▶ Given entries:
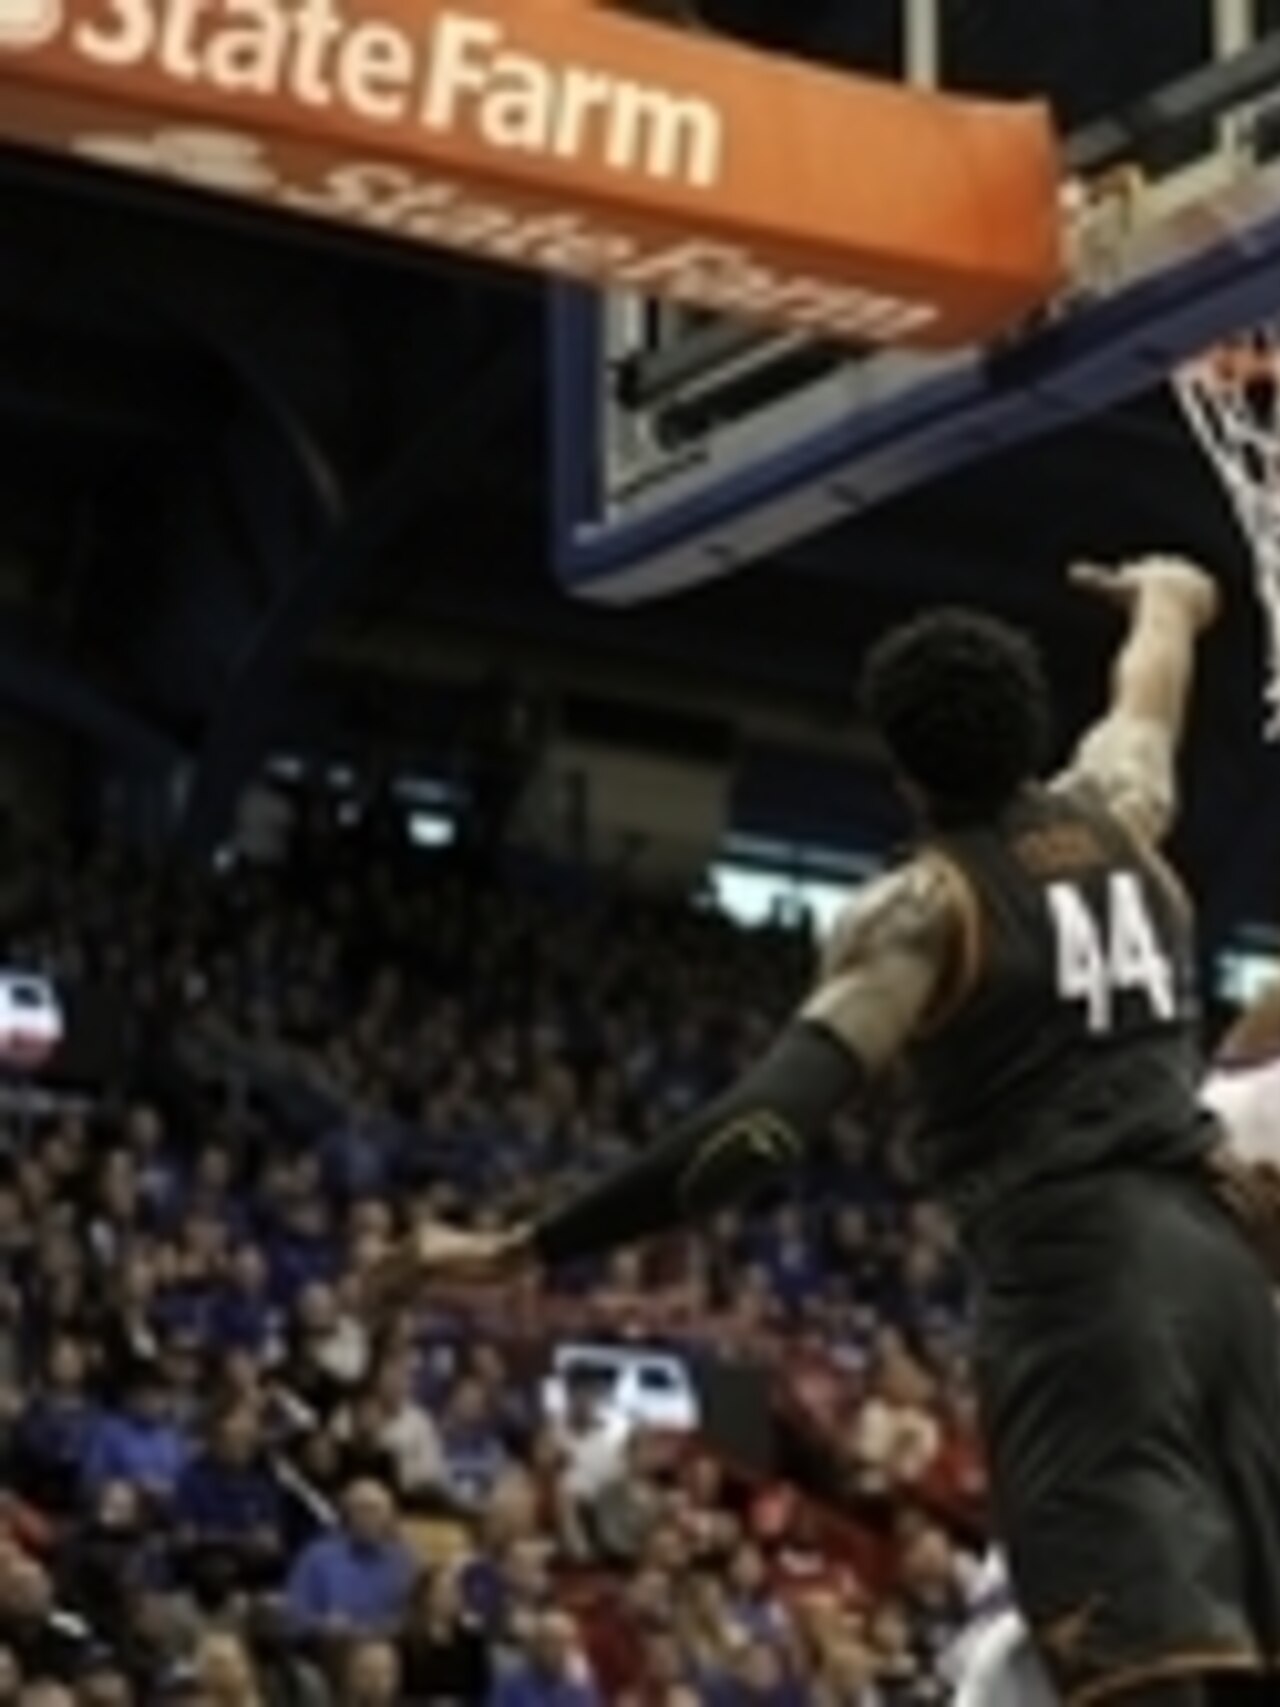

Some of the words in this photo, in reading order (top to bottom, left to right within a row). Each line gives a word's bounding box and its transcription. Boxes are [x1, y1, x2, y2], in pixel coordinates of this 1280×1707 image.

[420, 12, 722, 190] Farm
[288, 164, 637, 284] State
[606, 240, 940, 342] Farm
[1046, 870, 1176, 1034] 44
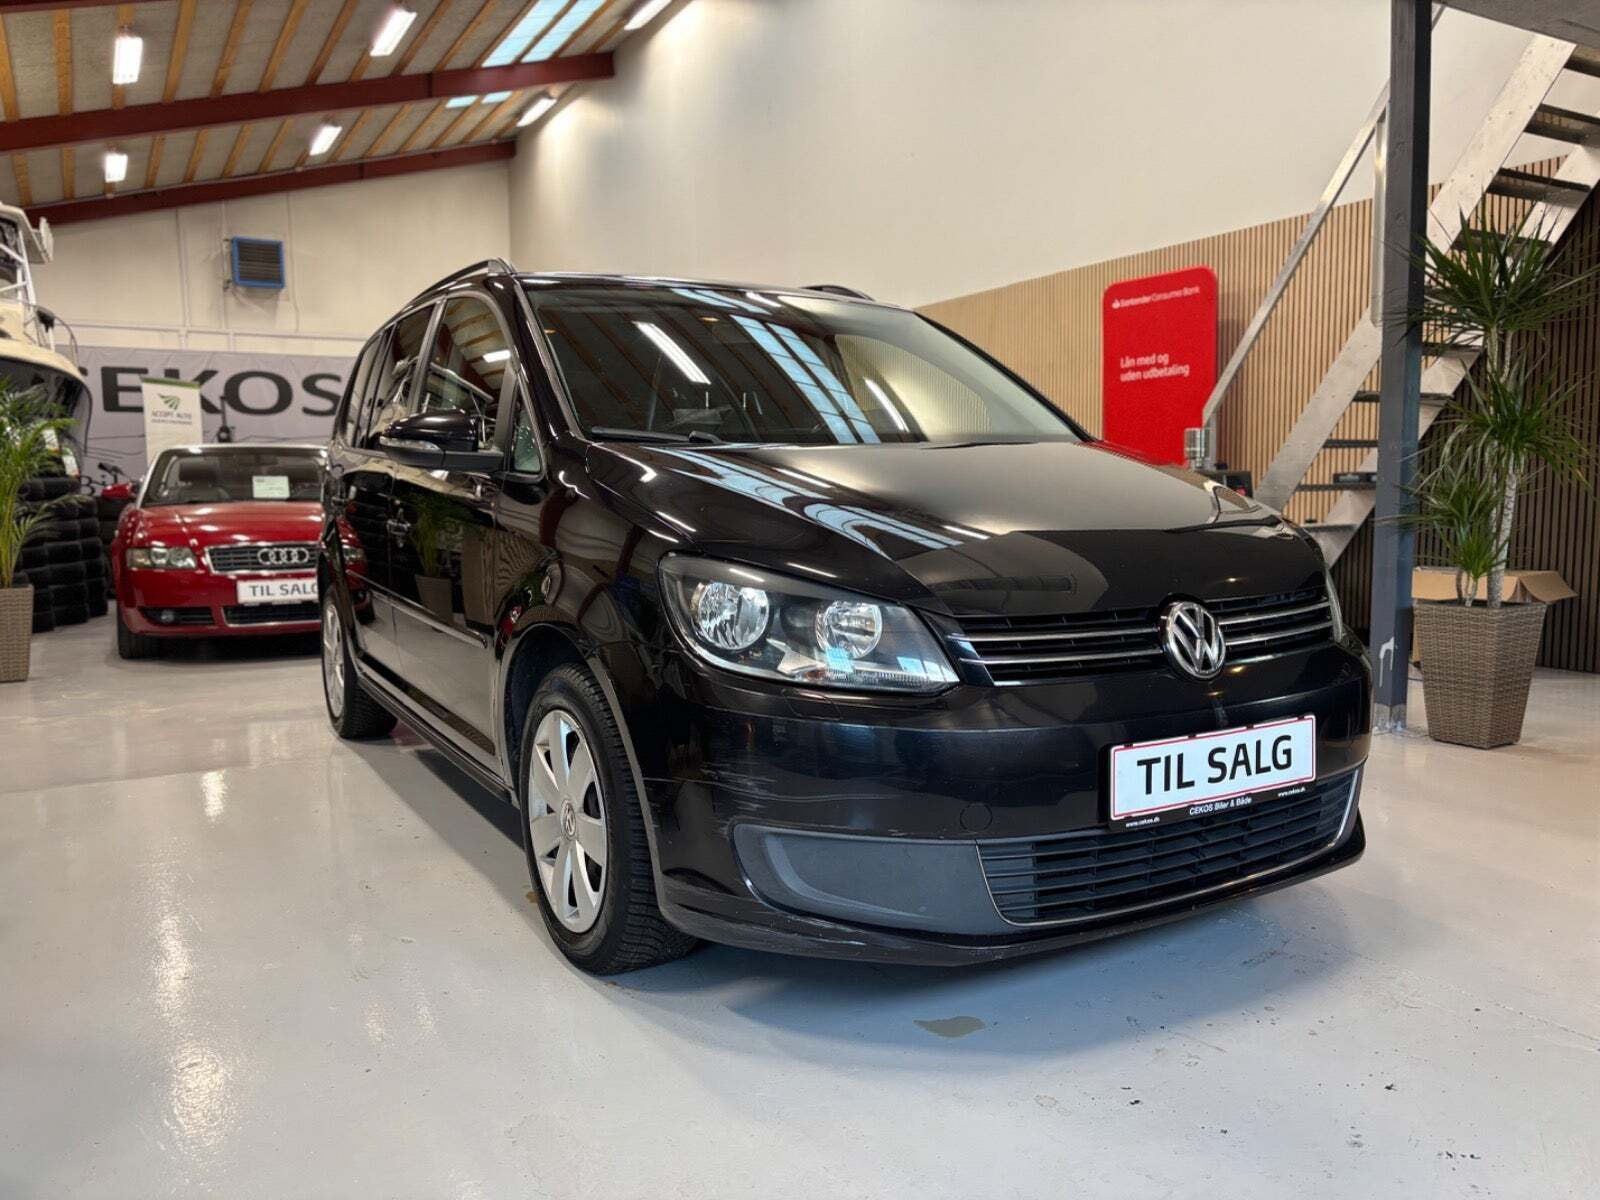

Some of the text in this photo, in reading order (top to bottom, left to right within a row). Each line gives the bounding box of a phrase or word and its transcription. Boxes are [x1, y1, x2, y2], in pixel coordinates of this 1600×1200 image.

▶ Exercise:
Could you set down every record above word for word, leaving out the pictures?

▶ Finished task:
Some of the words in this photo, in reading order (top to bottom, left to right within a row). Each line gives a word's bounding box and its transcription. Boxes are [x1, y1, x2, y2], in pixel coordinates of this 1280×1707 image.

[420, 12, 722, 190] Farm
[288, 164, 637, 284] State
[606, 240, 940, 342] Farm
[1046, 870, 1176, 1034] 44

Some of the text in this photo, in reading order (top to bottom, left to right within a row). Each line gives the bounding box of a phrase or word and its transcription. Boxes are [x1, y1, x2, y2], in pixel coordinates of this 1600×1200 image.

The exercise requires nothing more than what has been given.